Understanding the Differences Between Alexa, API.ai, WIT.ai, and LUIS/Cortana
I have been teaching myself about AI application development to understand the security vulnerabilities present in these types of applications. It has been an interesting journey through Alexa Skills Development, API.ai, Wit.ai, and Microsoft LUIS (Language Understanding Intelligent Service)/Cortana. This first article is a general overview of developing applications utilizing these platforms. My next blog on AI Assistants will go through the security issues that I discovered with each platform. You cannot understand the weaknesses that are in application code until you start developing with it.
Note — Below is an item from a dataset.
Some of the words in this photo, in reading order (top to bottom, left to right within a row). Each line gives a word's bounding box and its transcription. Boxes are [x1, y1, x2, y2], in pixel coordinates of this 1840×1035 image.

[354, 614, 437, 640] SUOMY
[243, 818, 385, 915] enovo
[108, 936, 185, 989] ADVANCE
Overall Architecture of AI Assistant Based Applications
If you look at all of the AI platforms, you will see that they are very similar. You have a user who speaks commands/questions to a device. This device will record the audio and stream it to an intermediate service. The intermediary will recognize this as an initial request and send the audio to the speech-to-text service. The speech-to-text service converts the audio to text and returns text to the intermediary service. The intermediary then sends the text to the text-to-Intent/Action component. This component is responsible for figuring out what the user wants to do. Usually AI Assistants will have phrases which trigger named intents. For example, an application can look for the phrase “What’s the weather in {Boston} {Massachusetts}” to trigger a get_weather intent. The part in {} braces are called slots. Think of them as variables for voice commands. Once the intent/action name is figured out then depending on the platform, more interactions can take place gathering needed information by the platform or a webhook is invoked. Some platforms require you to make a web call for every intent. Others, allow you to gather all of the data in their platform before invoking your webhook (business logic).
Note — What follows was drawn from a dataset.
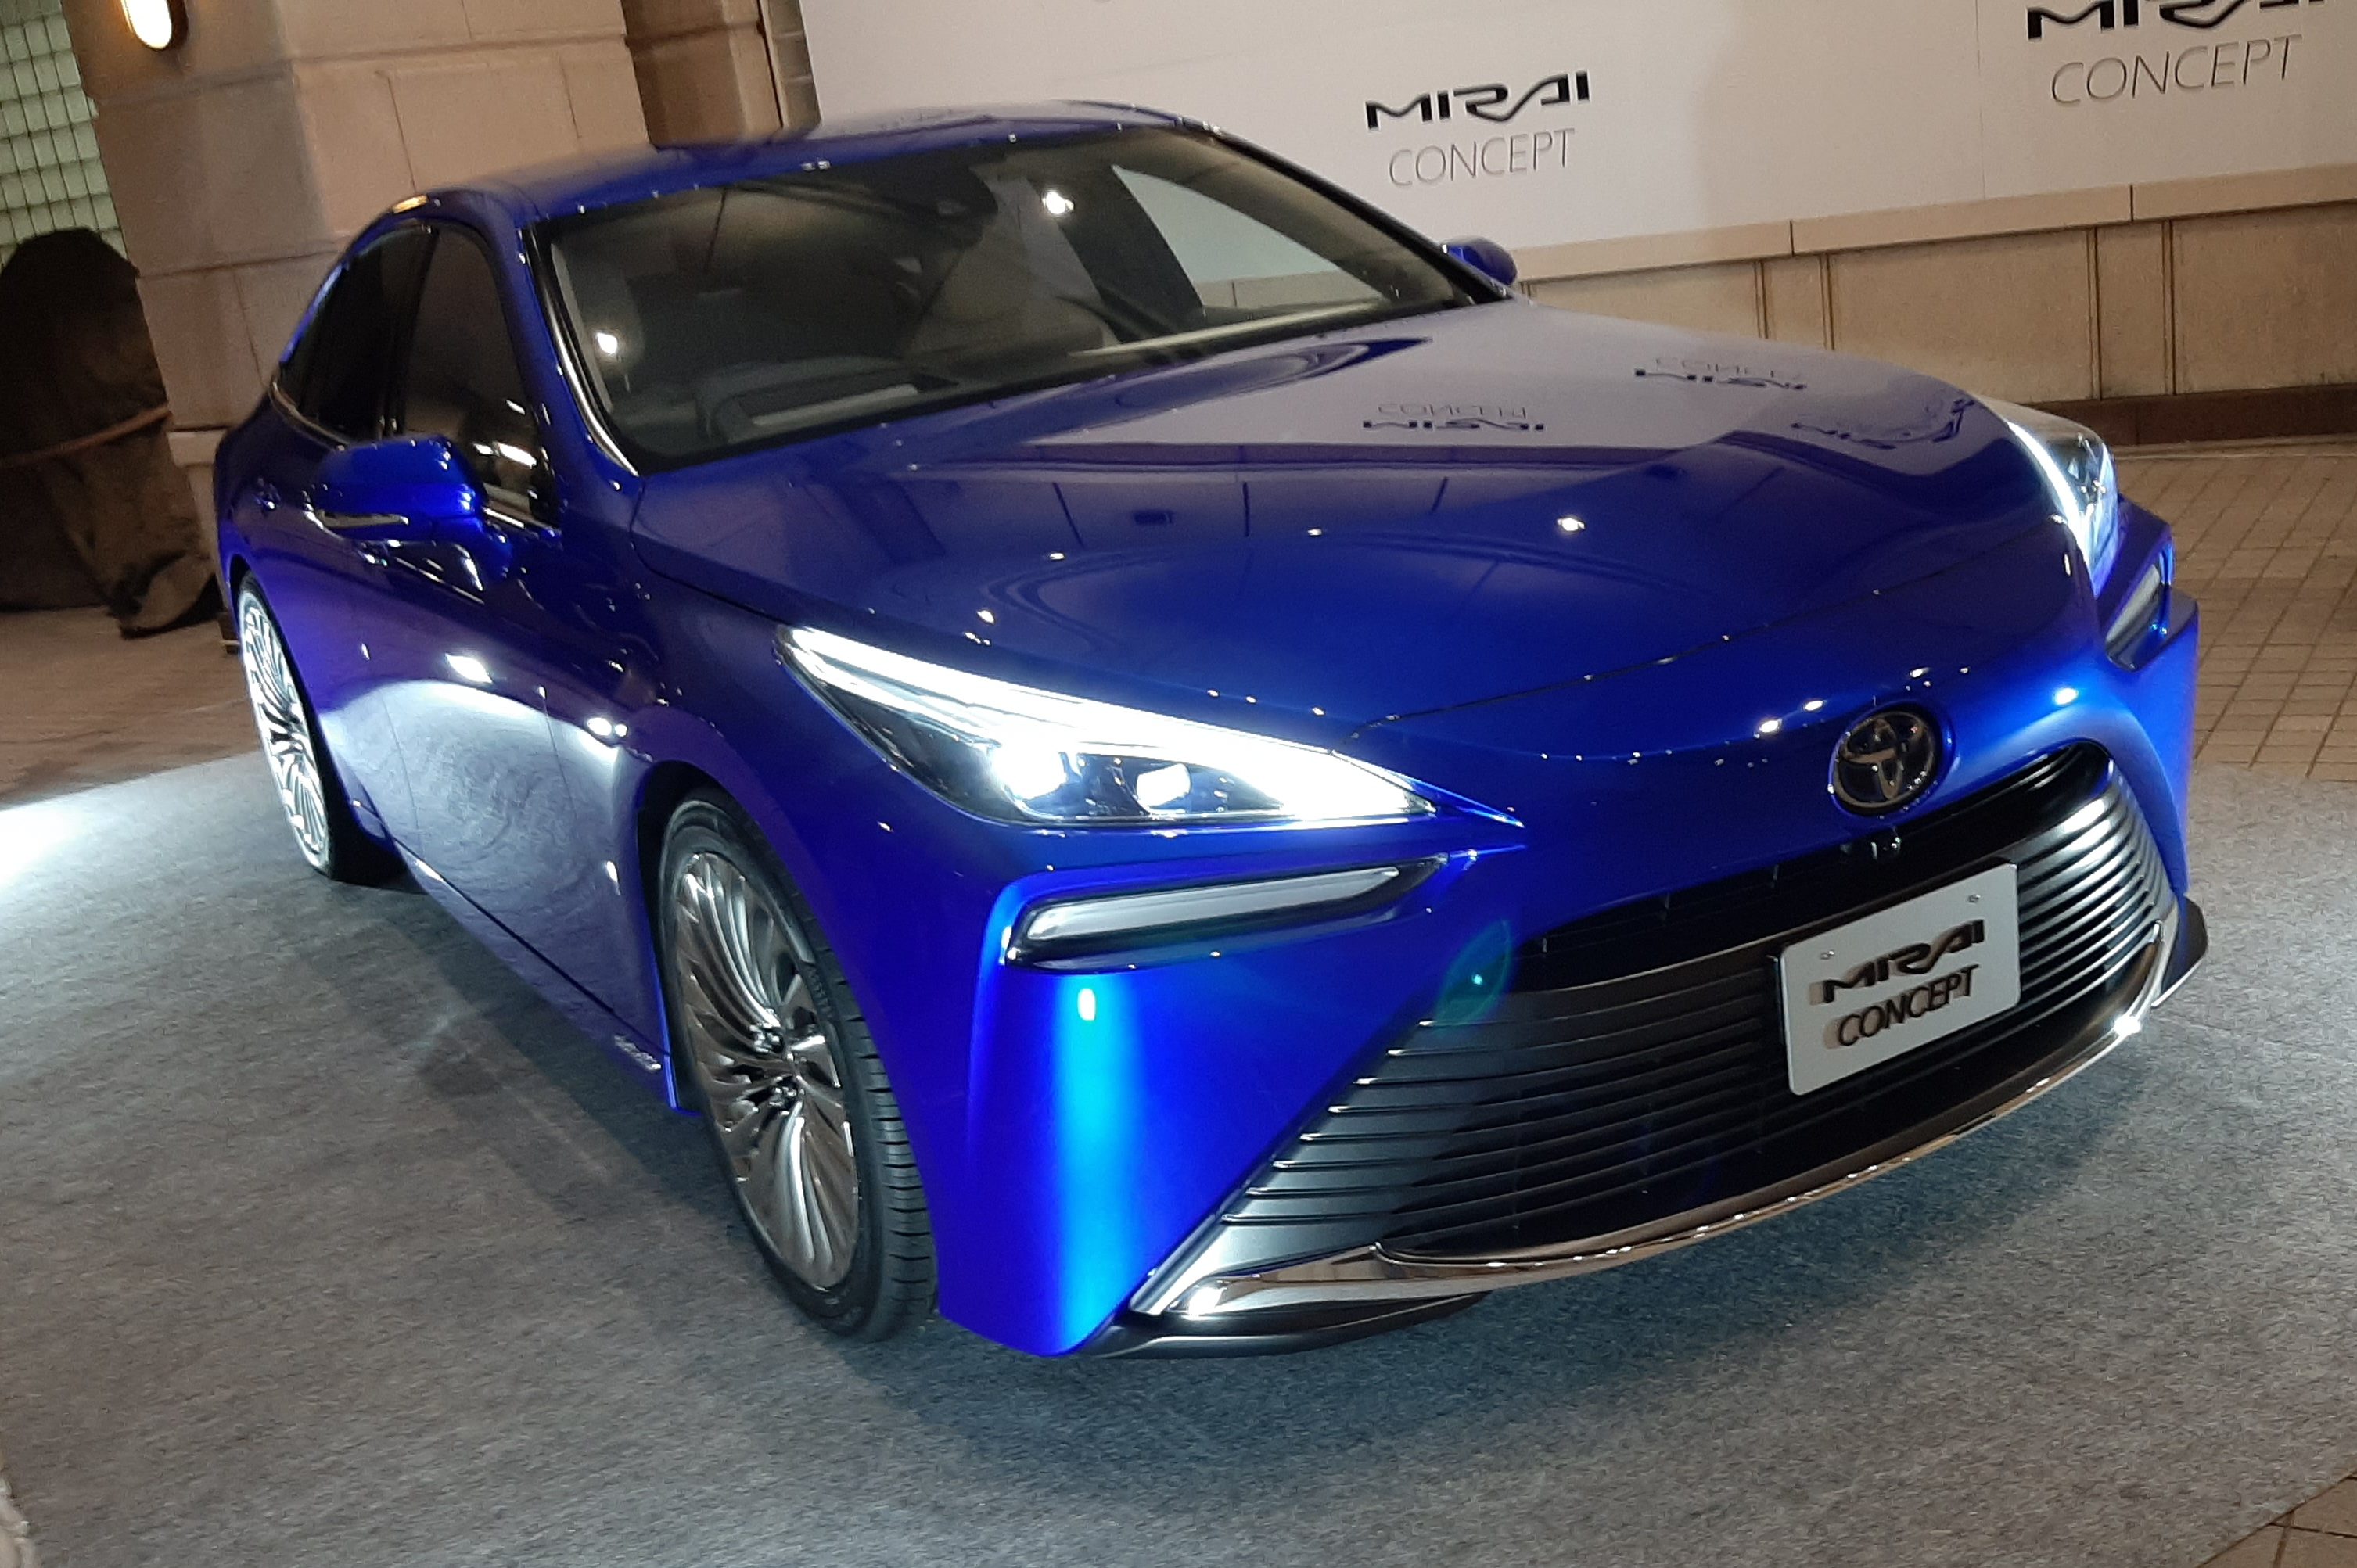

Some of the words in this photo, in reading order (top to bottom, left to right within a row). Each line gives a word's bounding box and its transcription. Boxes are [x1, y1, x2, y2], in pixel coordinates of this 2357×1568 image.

When your webhook is invoked the intent name, slot names, and slot values are passed to your business logic. This business logic could be housed in an AWS Lambda function or Heroku server. Your business logic identifies which internal function needs to be called based on the intent name and then reads the required values from slot values using the slot names. Your business logic can then invoke REST APIs on the internet to gather information which will be returned to the device and spoken to the end user.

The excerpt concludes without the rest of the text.